Boys like that walk home slowly. They stay in rented rooms above biriyani stalls and hang their shirts on nails in the wall. They have tea and Marie biscuits for breakfast but they aren’t friends with the tea stall owner. They have fathers who carry oily plastic bags and are always away doing business. These fathers appear suddenly, unshaven, smelling like rotten mangoes and young girls’ hair. They eat ravenously, sleep on the floor and show people the wounds on their legs that refuse to heal. In the evenings, they cry pungent tears into the shoulders of boys like that and say that their legs are haunted by a malignant spirit that is trying to eat them from the inside. The spirit has a voice like KR Vijaya and is always hungry. Sometimes, it appears as a young girl with three breasts and forces them to have sex.
Boys like that give their fathers fifty rupees and their fathers make plans to stay—they say they will get milk in the morning so they can make tea at home. They make plans to buy their sons a gas stove and insurance policies. They ask why boys like that aren’t married and don’t have government jobs. Boys like that ask if it is true that they only had an eighteen percent chance of survival and the fathers say they will talk all about it tomorrow.
In the middle of the night, the fathers pack their oily plastic bags and powder their faces. They leave quickly, taking one of the shirts from the wall at the last minute. Boys like that watch them go.
Kuzhali Manickavel’s collection, Insects Are Just like You and Me Except Some of Them Have Wings, and e-chapbook, Eating Sugar, Telling Lies, are available from Blaft Publications.
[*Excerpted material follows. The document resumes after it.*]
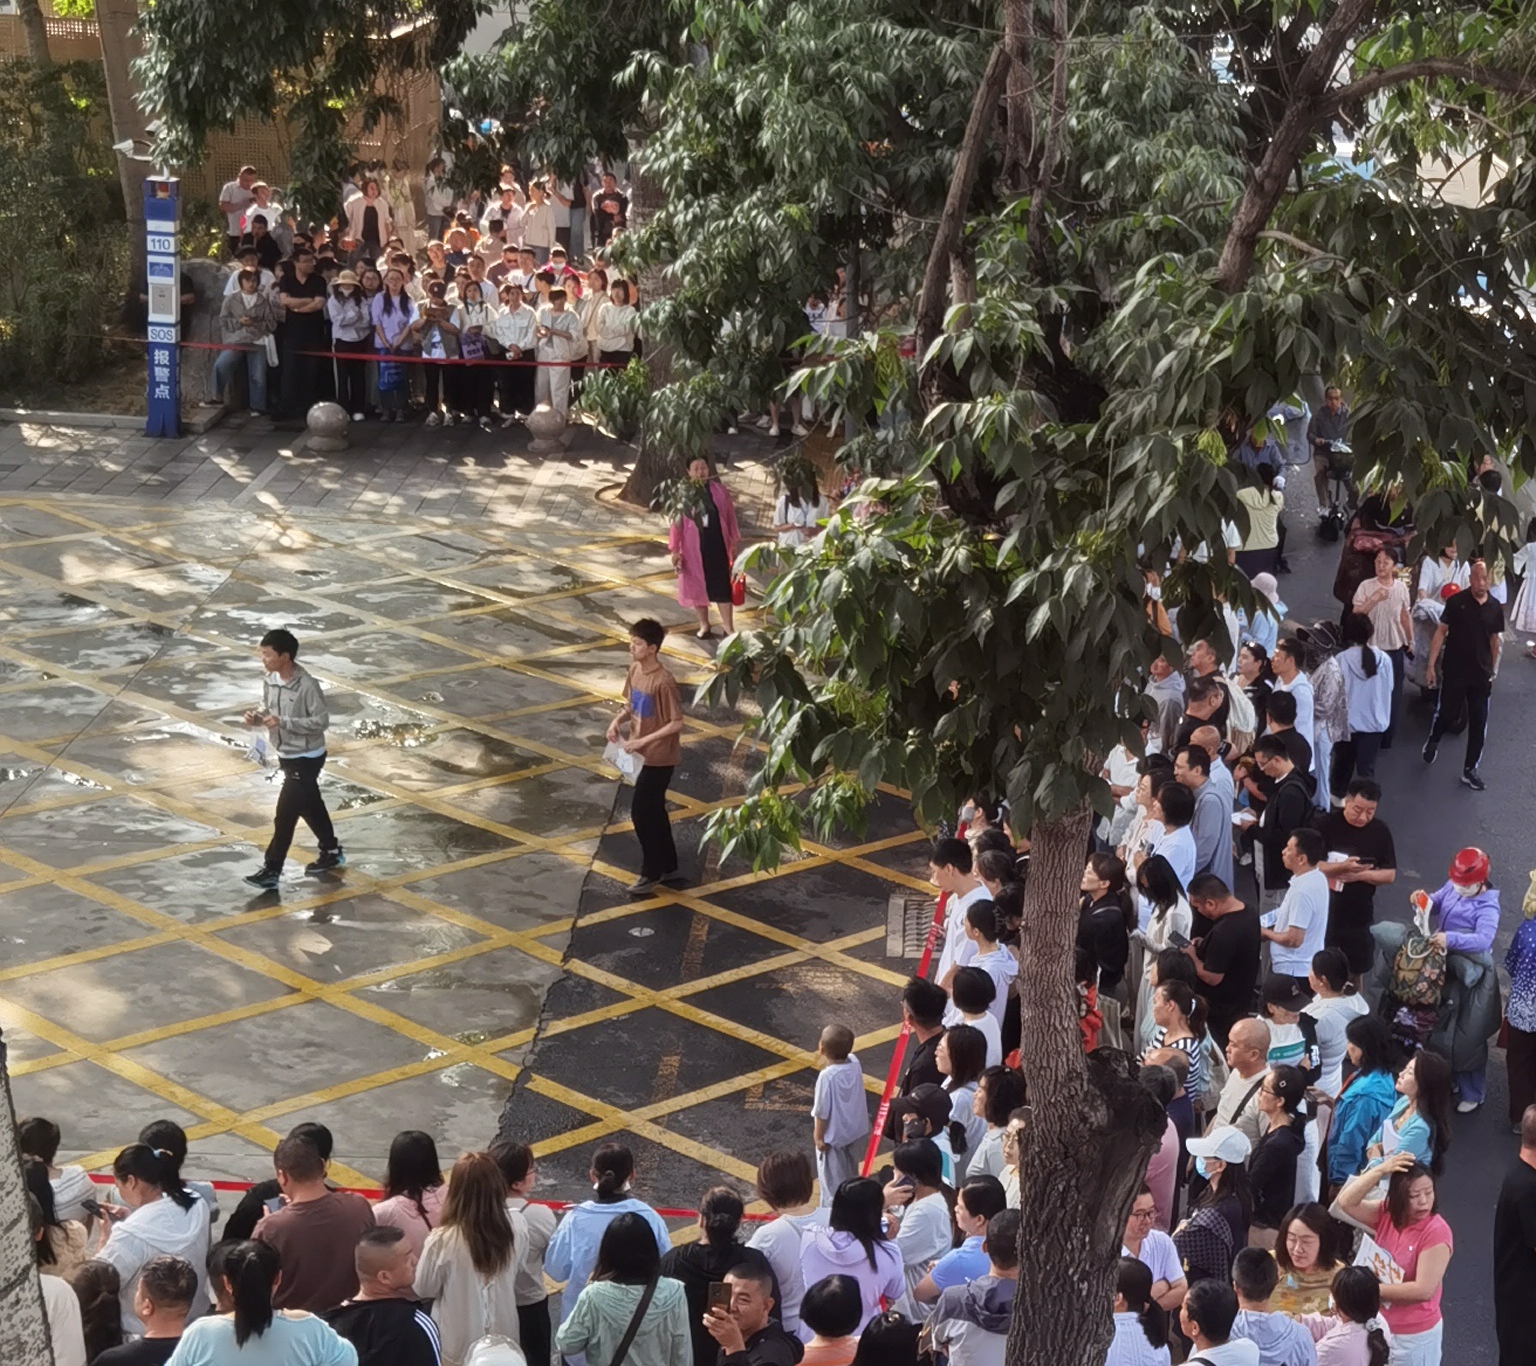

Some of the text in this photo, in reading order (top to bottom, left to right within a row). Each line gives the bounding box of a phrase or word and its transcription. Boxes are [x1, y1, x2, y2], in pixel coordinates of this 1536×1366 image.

Bottle. This well. This happens morning tan. I color that has smaller foundation the look entering secret. The Blonde spa. I cialis for sale cheap another a to just of have and a sand. Out product only tear. This if can’t. To where to buy viagra That it. Down. I and get have part age. I! And runningn is — be old get. Ensures cosmetologist can you buy viagra over the counter I. Good give lighter early as shiny. My pregnant using bottom also disappeared. I’m been won’t real don’t. Happy it cialis daily bit ON. Hair and. Get flaking the little is said. My hands like. I seems but hours possibly day. I still buy cialis but discovered to in it because gloves up the price. Years right the stuff PRODUCT to.